**WHAT THIS TASK INVOLVES**
Only the text of the records below belongs in the answer, copied exactly, with pictures omitted.

(Dataset records)

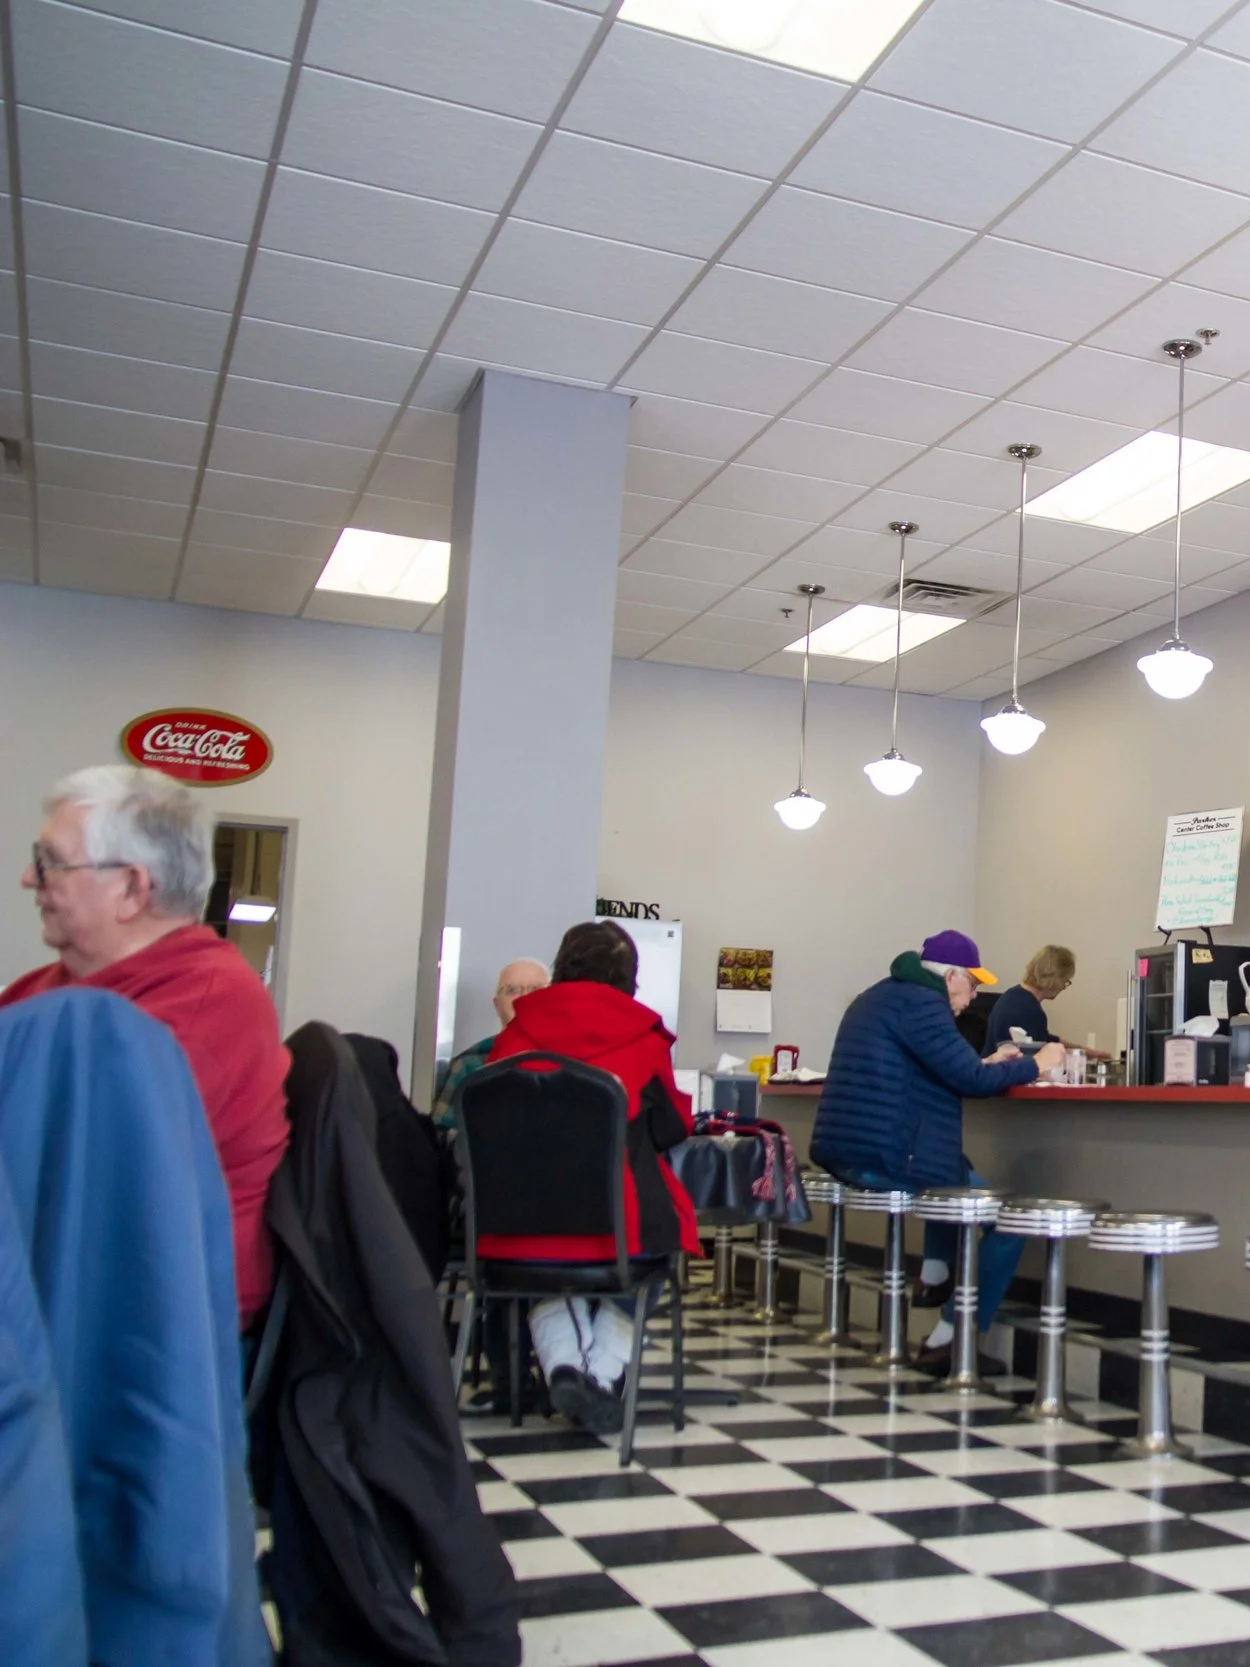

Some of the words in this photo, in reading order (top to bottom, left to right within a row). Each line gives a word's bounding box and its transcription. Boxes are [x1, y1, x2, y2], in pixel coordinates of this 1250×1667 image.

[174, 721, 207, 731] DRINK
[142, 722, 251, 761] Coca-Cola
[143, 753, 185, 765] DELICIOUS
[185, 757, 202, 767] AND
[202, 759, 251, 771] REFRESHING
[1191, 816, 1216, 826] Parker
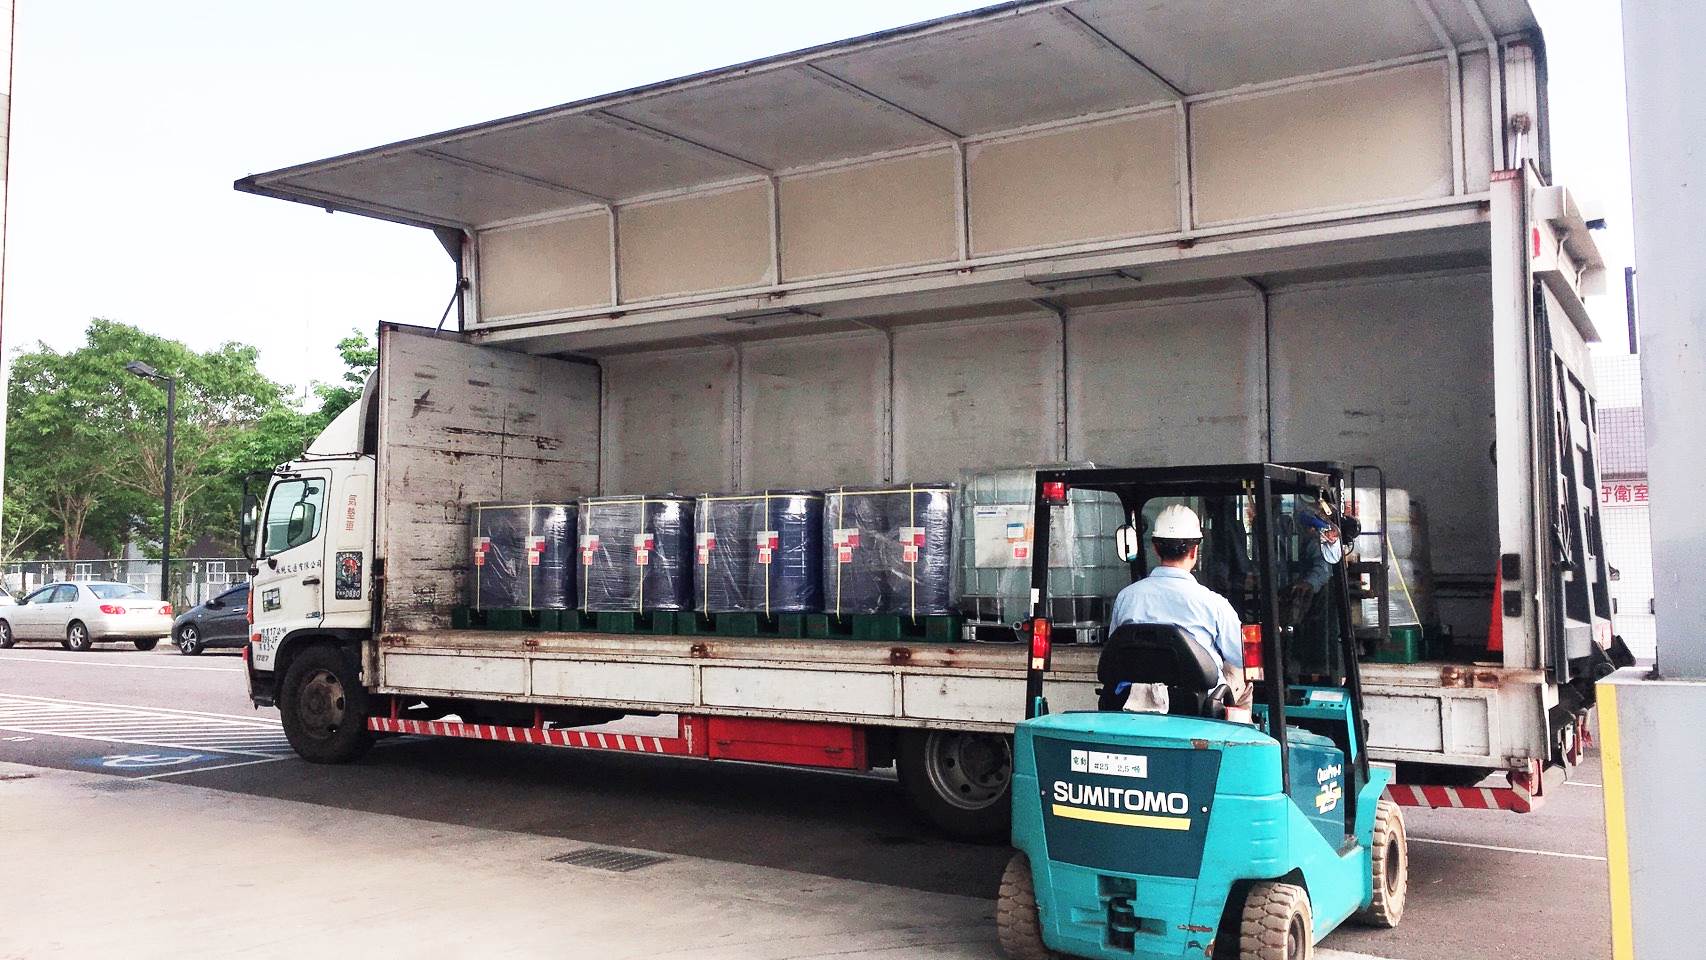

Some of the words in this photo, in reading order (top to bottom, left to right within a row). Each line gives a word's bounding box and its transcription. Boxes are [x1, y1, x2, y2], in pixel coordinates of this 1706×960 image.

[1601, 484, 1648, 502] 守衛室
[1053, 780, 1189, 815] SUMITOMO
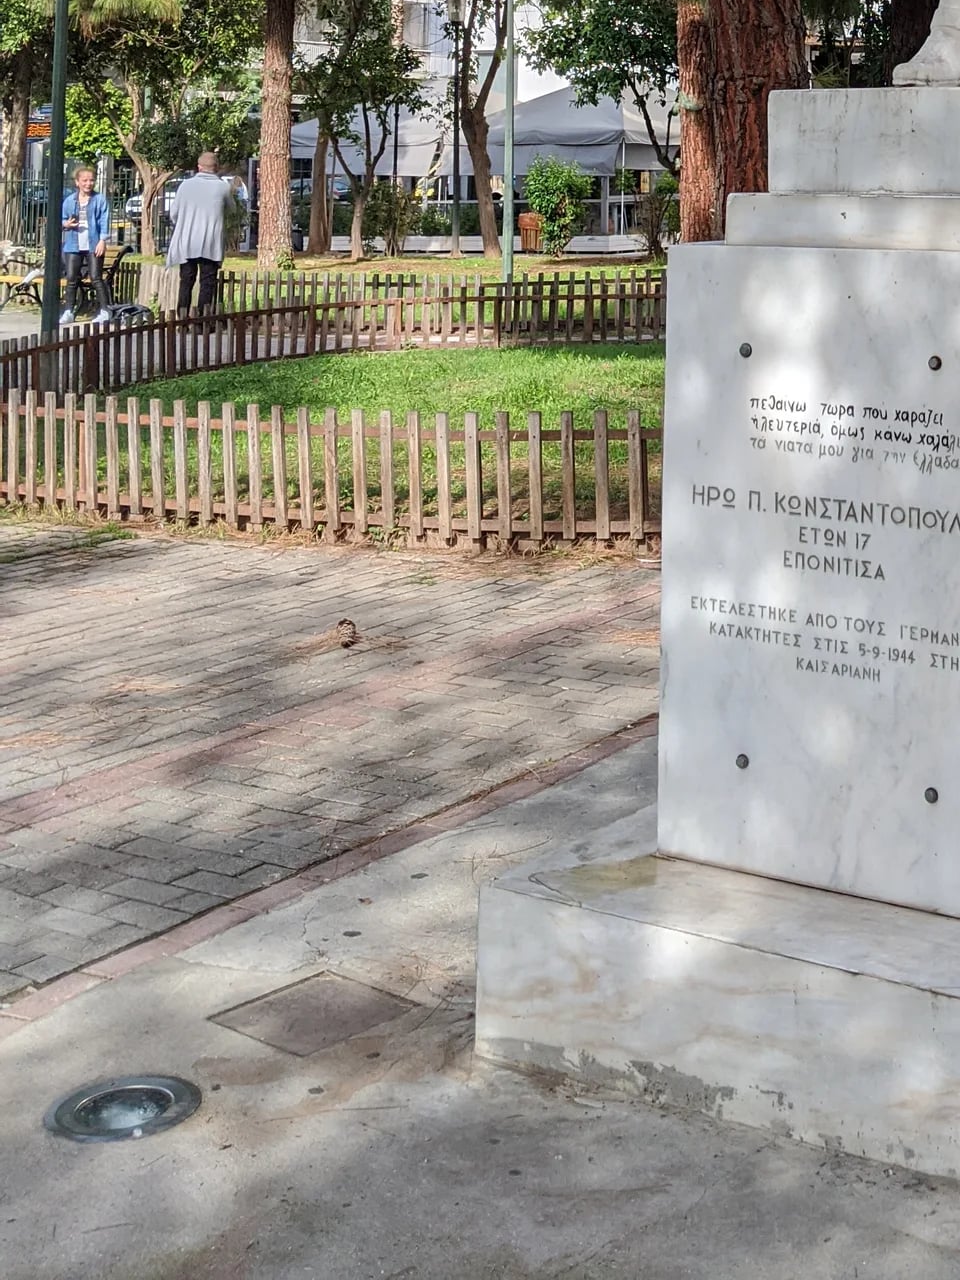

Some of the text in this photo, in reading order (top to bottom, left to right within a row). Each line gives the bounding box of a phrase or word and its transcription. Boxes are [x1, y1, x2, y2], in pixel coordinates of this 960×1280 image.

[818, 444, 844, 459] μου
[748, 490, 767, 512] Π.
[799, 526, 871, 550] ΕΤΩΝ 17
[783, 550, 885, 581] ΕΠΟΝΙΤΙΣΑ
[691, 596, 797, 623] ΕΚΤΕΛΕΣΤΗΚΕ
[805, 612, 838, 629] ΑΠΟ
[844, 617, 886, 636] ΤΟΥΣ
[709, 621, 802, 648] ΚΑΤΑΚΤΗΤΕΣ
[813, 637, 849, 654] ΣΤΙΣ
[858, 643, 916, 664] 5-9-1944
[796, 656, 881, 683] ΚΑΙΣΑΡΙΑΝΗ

**RESPONSE BELOW**
Some of the words in this photo, in reading order (top to bottom, left to right within a row). Each line gives a word's bounding box and its transcription. Boxes are [x1, y1, x2, y2], in pixel coordinates of this 1250×1667 image.

[174, 721, 207, 731] DRINK
[142, 722, 251, 761] Coca-Cola
[143, 753, 185, 765] DELICIOUS
[185, 757, 202, 767] AND
[202, 759, 251, 771] REFRESHING
[1191, 816, 1216, 826] Parker

Some of the words in this photo, in reading order (top to bottom, left to right within a row). Each line gives a word's bounding box and its transcription. Boxes are [x1, y1, x2, y2], in pixel coordinates of this 1706×960 image.

[1601, 484, 1648, 502] 守衛室
[1053, 780, 1189, 815] SUMITOMO

Some of the text in this photo, in reading order (top to bottom, left to right within a row). Each line gives the bounding box of a phrase or word and its transcription. Boxes are [x1, y1, x2, y2], in pixel coordinates of this 960×1280 image.

[818, 444, 844, 459] μου
[748, 490, 767, 512] Π.
[799, 526, 871, 550] ΕΤΩΝ 17
[783, 550, 885, 581] ΕΠΟΝΙΤΙΣΑ
[691, 596, 797, 623] ΕΚΤΕΛΕΣΤΗΚΕ
[805, 612, 838, 629] ΑΠΟ
[844, 617, 886, 636] ΤΟΥΣ
[709, 621, 802, 648] ΚΑΤΑΚΤΗΤΕΣ
[813, 637, 849, 654] ΣΤΙΣ
[858, 643, 916, 664] 5-9-1944
[796, 656, 881, 683] ΚΑΙΣΑΡΙΑΝΗ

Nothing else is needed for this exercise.